By prioritizing a monetary option, it could create a tangible solution. According to our CLD, however, advancing the patient’s remedy bill would be only a part of the potential policy interventions. There was hope that this bill will help provide a powerful remedy to the patient and lessen the number of cases proceeding to a lawsuit by utilizing mediation instead. Nonetheless, the result from our GMB suggested that the financial compensations might not be enough in alleviating the suffering of patients and families.

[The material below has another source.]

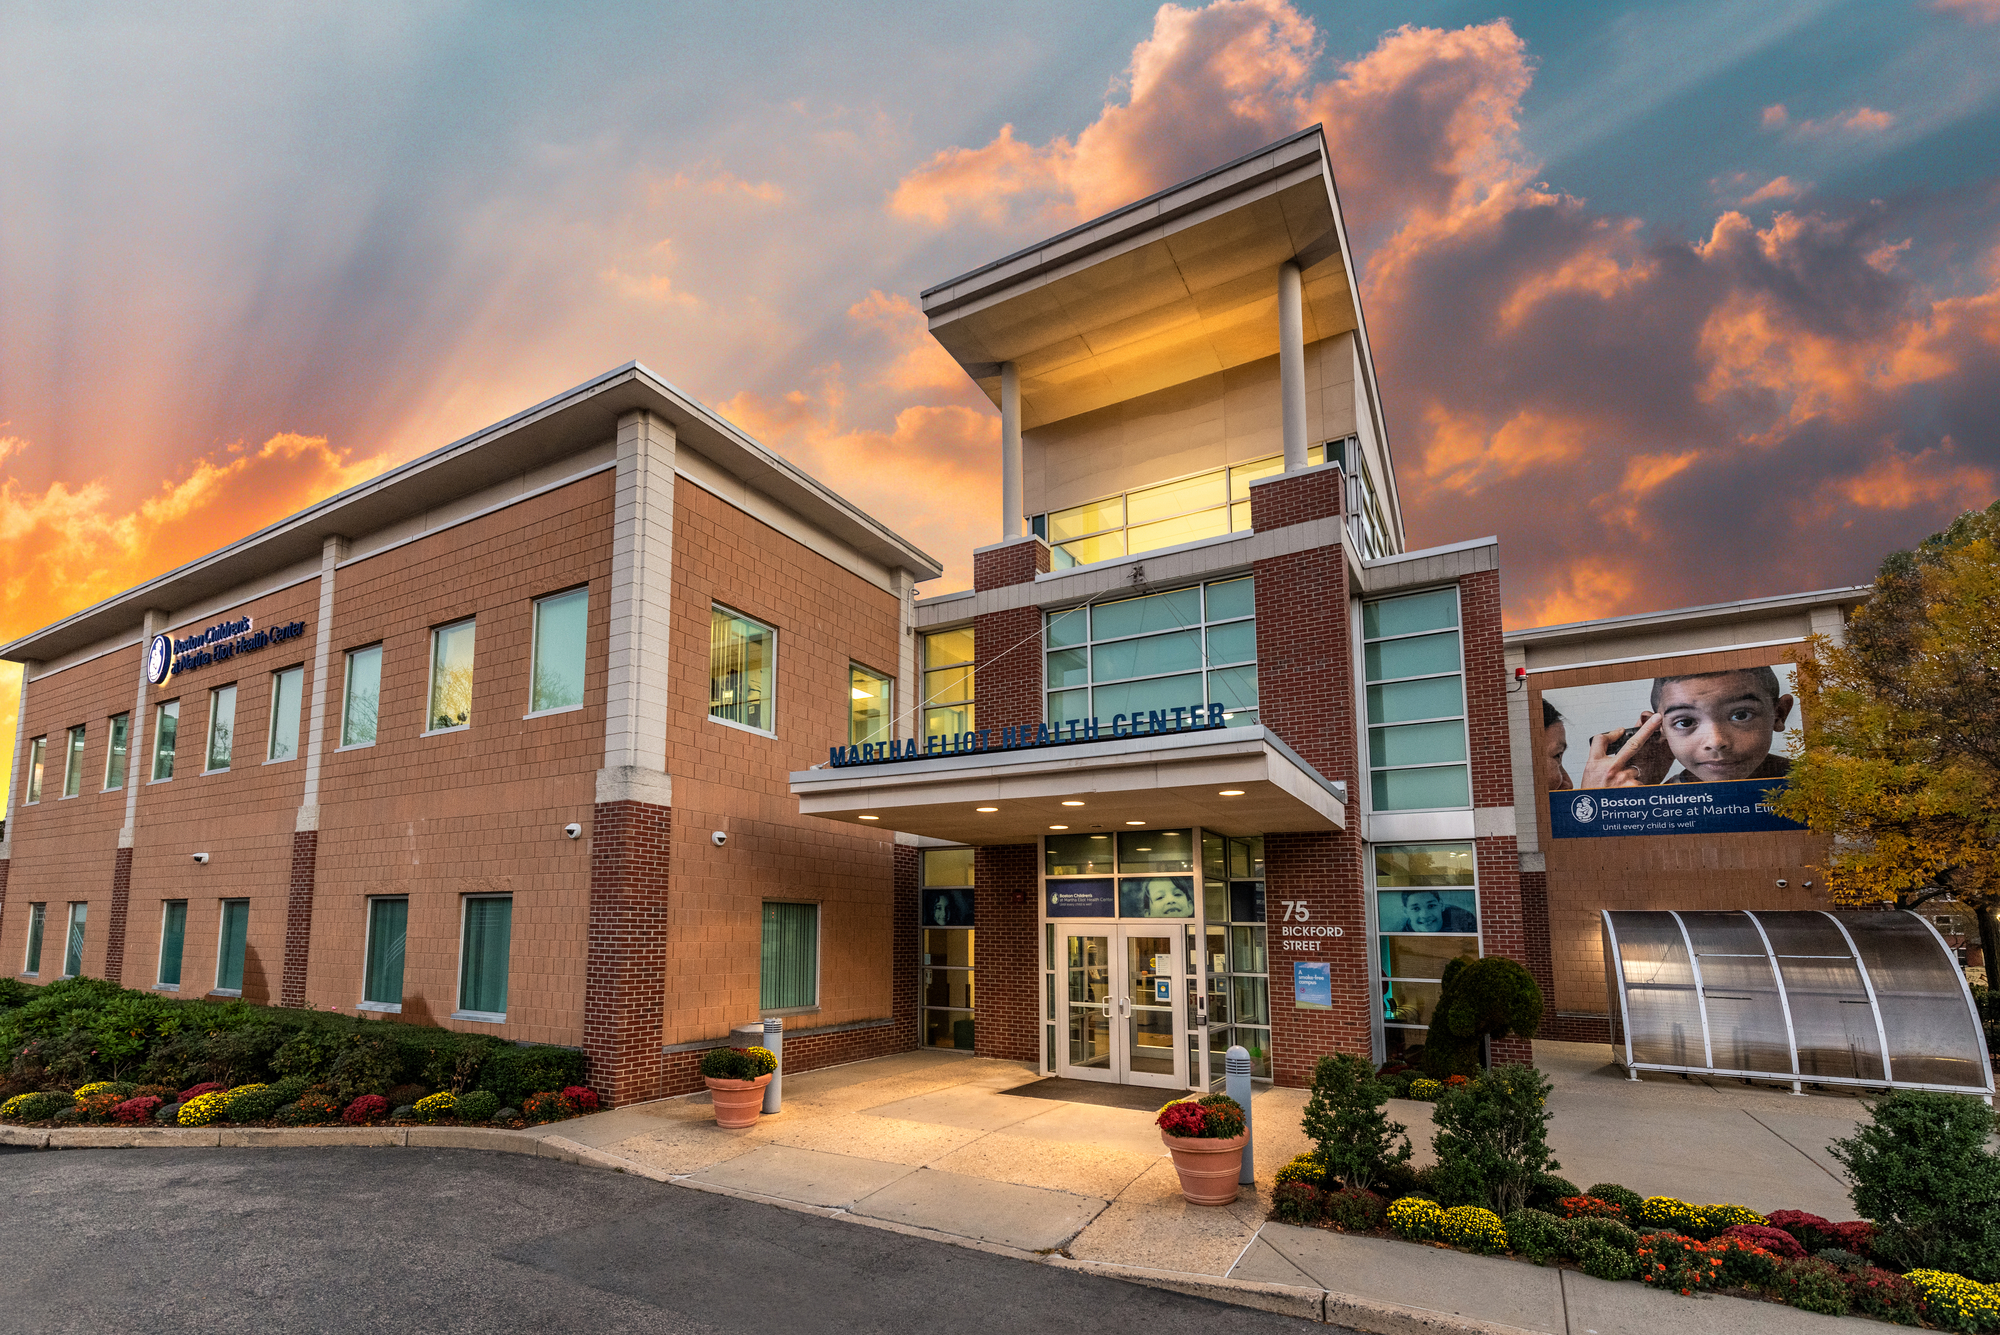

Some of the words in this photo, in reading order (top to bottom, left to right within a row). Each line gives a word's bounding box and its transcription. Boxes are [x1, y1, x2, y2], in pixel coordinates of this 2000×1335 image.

A balance of monetary and non-monetary remedies for victims of medical errors is needed. Research has shown that a prompt sincere apology and communication to investigate the case and develop future prevention from healthcare providers can reduce the situation’s escalation to a lawsuit in several countries and settings [18–20]. Physicians who understand and can respond appropriately to the emotional needs of their patients are less likely to be sued . As suggested by this stream of patient safety literature, a new governance mechanism that can promote straightforward apologies and communications of healthcare providers should be included the bill or the policy discussions. The public trust in healthcare services can be nurtured by fostering psychological safety among health professionals[3, 22], which would allow them to apologize and communicate with the victims of medical errors appropriately. Furthermore, as social media can amplify the situation and be utilized for both sides, developing its regulatory environment is also appealing for policymakers. These lessons learned can only be obtained by seeing the problem from the perspectives of all stakeholders during the GMB process, and hence multiple perspectives are needed to create sustainable solutions
Although our study was very focused on involving a diverse group of stakeholders in health systems, the diversity within each group of stakeholders was limited. For instance, we only learned after the workshop that most participants who represented patients and families in the GMB process have already been involved in the networks that advocate for enacting the law to finance the remedies fund. Consequently, the relationship to the ‘remedies’ variable in our CLD is mainly focused on the remedies fund, but not on other aspects of the remedy process. Consultations with experts from various areas, such as lawyers, and additional literature reviews in the related fields, such as health policy and systems research, are required to explore every aspect of the problems. Consultations with experts from other areas of study and additional literature reviews can lead to a more comprehensive causal mapping. But it should be more focused on some confusing terms, as experienced in our GMB process—either to clarify the concepts or to elaborate some interconnected relationships among them.
Lastly, to test policy options and identify the high-leverage policy quantitively, a stock and flow diagram based on the present CLD is needed to be further developed for a system dynamic simulation modeling. The findings from system dynamic simulation modeling presented as a visualized trend of outcomes could lead to a more rigorous design of interventions and a more decisive, evidence-informed policy decisions.